7.6 As data structures

As well as powering scoping, environments are also useful data structures in their own right because they have reference semantics. There are three common problems that they can help solve:

  • Avoiding copies of large data. Since environments have reference semantics, you’ll never accidentally create a copy. But bare environments are painful to work with, so instead I recommend using R6 objects, which are built on top of environments. Learn more in Chapter 14.

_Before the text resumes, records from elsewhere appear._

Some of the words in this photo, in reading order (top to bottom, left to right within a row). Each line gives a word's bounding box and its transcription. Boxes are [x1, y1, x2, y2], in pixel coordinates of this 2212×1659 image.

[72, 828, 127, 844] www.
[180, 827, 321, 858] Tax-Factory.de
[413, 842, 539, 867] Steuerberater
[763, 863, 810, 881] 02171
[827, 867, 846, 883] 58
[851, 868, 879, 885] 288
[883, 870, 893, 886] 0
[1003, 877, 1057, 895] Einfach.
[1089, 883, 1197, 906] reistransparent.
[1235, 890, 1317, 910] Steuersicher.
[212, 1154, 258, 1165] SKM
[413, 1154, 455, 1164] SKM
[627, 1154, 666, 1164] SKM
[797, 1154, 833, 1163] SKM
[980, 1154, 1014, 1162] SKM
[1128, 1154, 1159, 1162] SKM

  • Managing state within a package. Explicit environments are useful in packages because they allow you to maintain state across function calls. Normally, objects in a package are locked, so you can’t modify them directly. Instead, you can do something like this:

    my_env <- new.env(parent = emptyenv())
    my_env$a <- 1
    
    get_a <- function() {
      my_env$a
    }
    set_a <- function(value) {
      old <- my_env$a
      my_env$a <- value
      invisible(old)
    }

    Returning the old value from setter functions is a good pattern because it makes it easier to reset the previous value in conjunction with on.exit() (Section 6.7.4).

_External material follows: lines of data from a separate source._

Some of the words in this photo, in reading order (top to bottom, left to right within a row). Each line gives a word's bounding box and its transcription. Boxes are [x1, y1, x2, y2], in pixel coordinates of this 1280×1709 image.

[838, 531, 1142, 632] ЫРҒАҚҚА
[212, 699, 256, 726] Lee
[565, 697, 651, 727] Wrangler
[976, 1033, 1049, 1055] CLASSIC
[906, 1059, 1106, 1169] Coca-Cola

  • As a hashmap. A hashmap is a data structure that takes constant, O(1), time to find an object based on its name. Environments provide this behaviour by default, so can be used to simulate a hashmap. See the hash package (Brown 2013) for a complete development of this idea.

References

Brown, Christopher. 2013. Hash: Full Feature Implementation of Hash/Associated Arrays/Dictionaries. https://CRAN.R-project.org/package=hash.